Transcribe, word for word, the line containing "this 1920×1080 image." and each line following it through the end of the listing below. Omit all other lines.

★ ★ ★ ★

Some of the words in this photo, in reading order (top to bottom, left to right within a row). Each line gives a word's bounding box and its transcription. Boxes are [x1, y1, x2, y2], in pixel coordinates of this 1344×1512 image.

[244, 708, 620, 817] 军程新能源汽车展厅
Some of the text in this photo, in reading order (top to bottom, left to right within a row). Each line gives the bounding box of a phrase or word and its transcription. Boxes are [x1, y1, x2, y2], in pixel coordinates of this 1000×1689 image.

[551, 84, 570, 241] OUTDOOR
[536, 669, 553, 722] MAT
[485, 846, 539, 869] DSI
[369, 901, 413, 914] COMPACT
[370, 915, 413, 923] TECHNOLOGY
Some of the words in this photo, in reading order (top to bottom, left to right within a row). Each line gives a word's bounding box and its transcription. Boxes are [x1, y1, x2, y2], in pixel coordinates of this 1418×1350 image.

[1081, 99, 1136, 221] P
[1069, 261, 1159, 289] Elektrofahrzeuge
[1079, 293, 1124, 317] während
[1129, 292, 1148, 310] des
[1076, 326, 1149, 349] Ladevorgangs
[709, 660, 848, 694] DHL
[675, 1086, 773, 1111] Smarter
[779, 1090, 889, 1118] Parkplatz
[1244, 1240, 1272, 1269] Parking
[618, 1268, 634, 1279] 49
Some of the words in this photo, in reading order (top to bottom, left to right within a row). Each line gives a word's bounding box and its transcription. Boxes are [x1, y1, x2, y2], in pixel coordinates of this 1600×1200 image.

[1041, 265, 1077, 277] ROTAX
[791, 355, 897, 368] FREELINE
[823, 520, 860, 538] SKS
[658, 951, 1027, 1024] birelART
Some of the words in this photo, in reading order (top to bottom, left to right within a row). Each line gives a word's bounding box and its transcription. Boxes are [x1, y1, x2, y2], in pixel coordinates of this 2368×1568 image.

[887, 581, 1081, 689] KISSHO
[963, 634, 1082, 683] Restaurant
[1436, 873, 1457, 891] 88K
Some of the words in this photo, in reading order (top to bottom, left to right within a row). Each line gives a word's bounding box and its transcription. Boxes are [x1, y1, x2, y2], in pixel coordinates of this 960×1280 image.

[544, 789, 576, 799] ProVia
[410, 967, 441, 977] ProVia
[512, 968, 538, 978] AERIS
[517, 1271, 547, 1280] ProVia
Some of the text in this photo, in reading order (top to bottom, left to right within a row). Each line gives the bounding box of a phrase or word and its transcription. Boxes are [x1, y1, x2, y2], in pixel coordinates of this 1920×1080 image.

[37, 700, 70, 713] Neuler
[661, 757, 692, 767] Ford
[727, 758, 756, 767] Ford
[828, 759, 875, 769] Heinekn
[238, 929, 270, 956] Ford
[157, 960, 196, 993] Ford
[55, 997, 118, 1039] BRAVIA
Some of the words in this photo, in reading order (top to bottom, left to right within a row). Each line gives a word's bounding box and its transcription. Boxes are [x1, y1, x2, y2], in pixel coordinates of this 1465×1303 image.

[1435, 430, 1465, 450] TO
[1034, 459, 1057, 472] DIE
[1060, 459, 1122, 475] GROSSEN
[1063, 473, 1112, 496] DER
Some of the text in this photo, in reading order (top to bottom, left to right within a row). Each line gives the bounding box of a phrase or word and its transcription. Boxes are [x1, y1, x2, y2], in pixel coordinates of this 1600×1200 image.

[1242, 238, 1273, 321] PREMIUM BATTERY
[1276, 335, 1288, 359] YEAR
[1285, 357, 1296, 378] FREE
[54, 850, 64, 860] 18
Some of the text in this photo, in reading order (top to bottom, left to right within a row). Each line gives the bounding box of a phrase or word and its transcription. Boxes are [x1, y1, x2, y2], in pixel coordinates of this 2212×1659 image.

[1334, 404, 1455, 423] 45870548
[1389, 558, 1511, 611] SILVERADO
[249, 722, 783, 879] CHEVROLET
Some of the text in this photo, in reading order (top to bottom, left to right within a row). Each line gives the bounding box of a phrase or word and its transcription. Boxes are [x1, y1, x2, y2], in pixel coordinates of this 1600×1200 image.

★ ★ ★ ★

REPLY »
Some of the text in this photo, in reading order (top to bottom, left to right within a row). Each line gives the bounding box of a phrase or word and its transcription. Boxes are [x1, y1, x2, y2], in pixel coordinates of this 1920×1080 image.

[37, 700, 70, 713] Neuler
[661, 757, 692, 767] Ford
[727, 758, 756, 767] Ford
[828, 759, 875, 769] Heinekn
[238, 929, 270, 956] Ford
[157, 960, 196, 993] Ford
[55, 997, 118, 1039] BRAVIA
Some of the words in this photo, in reading order (top to bottom, left to right within a row). Each line gives a word's bounding box and its transcription. Boxes are [x1, y1, x2, y2], in pixel coordinates of this 1465×1303 image.

[1435, 430, 1465, 450] TO
[1034, 459, 1057, 472] DIE
[1060, 459, 1122, 475] GROSSEN
[1063, 473, 1112, 496] DER
Some of the text in this photo, in reading order (top to bottom, left to right within a row). Each line gives the bounding box of a phrase or word and its transcription. Boxes are [x1, y1, x2, y2], in pixel coordinates of this 1600×1200 image.

[1242, 238, 1273, 321] PREMIUM BATTERY
[1276, 335, 1288, 359] YEAR
[1285, 357, 1296, 378] FREE
[54, 850, 64, 860] 18
Some of the text in this photo, in reading order (top to bottom, left to right within a row). Each line gives the bounding box of a phrase or word and its transcription. Boxes are [x1, y1, x2, y2], in pixel coordinates of this 2212×1659 image.

[1334, 404, 1455, 423] 45870548
[1389, 558, 1511, 611] SILVERADO
[249, 722, 783, 879] CHEVROLET
Some of the text in this photo, in reading order (top to bottom, left to right within a row). Each line gives the bounding box of a phrase or word and its transcription. Boxes are [x1, y1, x2, y2], in pixel coordinates of this 1600×1200 image.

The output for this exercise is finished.